**Task directions:**
In full and without alteration, give the listing again.

Start of Source material

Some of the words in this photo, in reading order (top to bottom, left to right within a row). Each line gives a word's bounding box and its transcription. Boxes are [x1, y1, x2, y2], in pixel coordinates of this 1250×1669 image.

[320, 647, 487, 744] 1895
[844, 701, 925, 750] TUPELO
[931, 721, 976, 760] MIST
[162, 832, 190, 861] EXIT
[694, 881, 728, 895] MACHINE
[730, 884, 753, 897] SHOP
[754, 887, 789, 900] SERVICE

End of Source material

**Exercise solution:**
Some of the words in this photo, in reading order (top to bottom, left to right within a row). Each line gives a word's bounding box and its transcription. Boxes are [x1, y1, x2, y2], in pixel coordinates of this 1250×1669 image.

[320, 647, 487, 744] 1895
[844, 701, 925, 750] TUPELO
[931, 721, 976, 760] MIST
[162, 832, 190, 861] EXIT
[694, 881, 728, 895] MACHINE
[730, 884, 753, 897] SHOP
[754, 887, 789, 900] SERVICE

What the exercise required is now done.